30,000 Colts Fans at Friendship Airport (now BWI), welcoming the team home
after a championship victory in 1958



With our city totally juiced over this Sunday’s home playoff game, I thought it might be fun to take a look back at hour Baltimore teams have faired in NFL post-season play.  Let’s start with this fact: 2011 marks the 47th year that CharmCity has been in the NFL. The Colts tenure ran 31 seasons, from 1953-1983. The Ravens’ franchise, which kicked off in 1996, is now completing year number 16.

And of those 47 campaigns, you ask, how many merited post-season play? The answer: 18. Baltimore’s Colts went to the playoffs ten times: 1958, 1959, 1964, 1965, 1968, 1970, 1971, 1975, 1976 and 1977. For our Ravens, Sunday’s divisional game marks the eighth year the purple and black have made it to the playoffs: 2000, 2001, 2003, 2006, 2008, 2009, 2010 and this year.

Over the span of those 18 years Baltimore teams have played 28 games so far, winning 15 and losing 13. Among those wins, they have chalked up five league championships and two Lombardi Trophies.

Brian Billick’s squads went post-season four years and compiled a 5-3 playoff mark. John Harbaugh teams are now appearing in their fourth post-season, too, and are currently 4-3 in the playoffs. Don Shula and Ted Marchibroda each took three Colts’ teams to the post-season, with Weeb Ewbank and Don McCaffrey going twice.

With Sunday’s home game, Baltimore will have hosted 10 playoff games and been the visiting team 16 times. Three Super Bowl appearances were played at neutral sites.

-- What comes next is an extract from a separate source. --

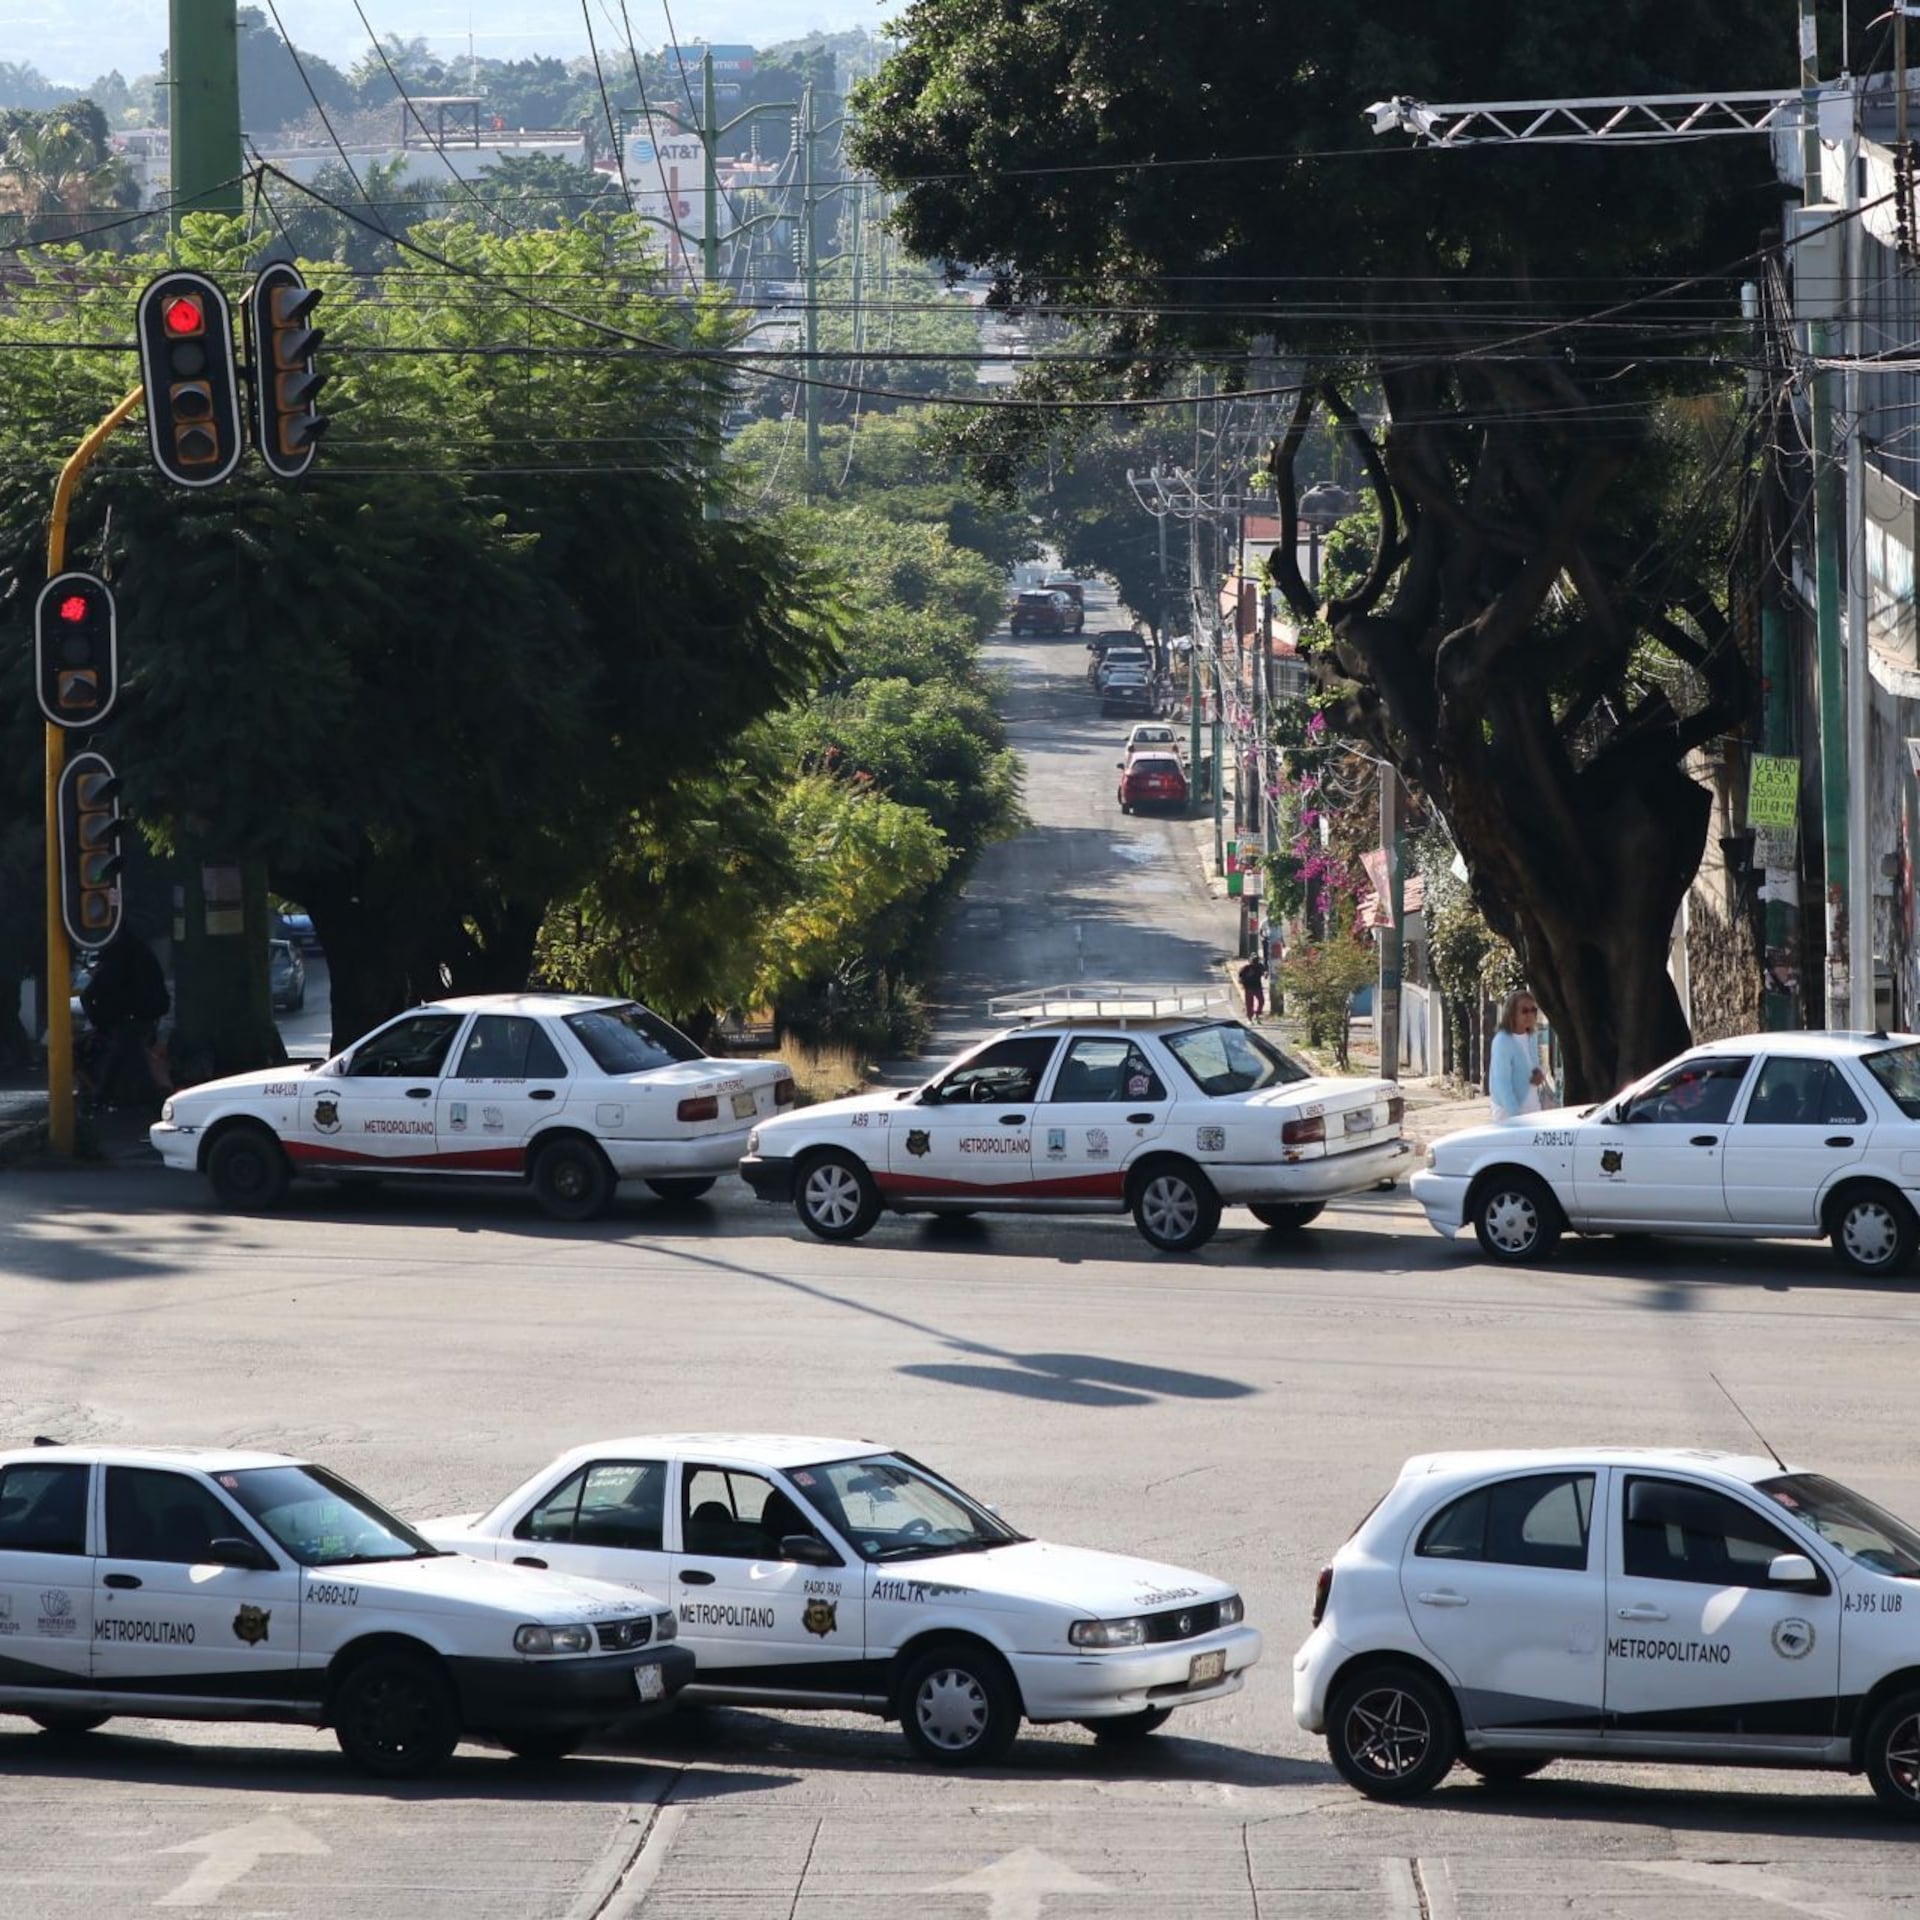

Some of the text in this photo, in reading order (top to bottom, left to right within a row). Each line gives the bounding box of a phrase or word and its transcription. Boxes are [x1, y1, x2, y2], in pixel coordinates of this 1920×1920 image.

But regardless of the team, coach, year or location, the one constant has been what playoff football means to the community. When the Colts won their first championship in 1958, 30,000 fans flooded FriendshipAirport (now BWI-Thurgood Marshall) to welcome back the team from New York. Today, thousands of fans have flocked to enemy cities to root on their post-season Ravens.

And each and every citizen, football fans or not, seems to have a noticeable extra zip in their step. Playoff football does that…always has.

I say Ravens 24, Houston 6. Hope I’m right, because then we get to zip-zip-zip all over again next week!

See you out there,

Mike Gibbons

Mike Gibbons is the executive director for the Babe Ruth Birthplace Foundation, Inc.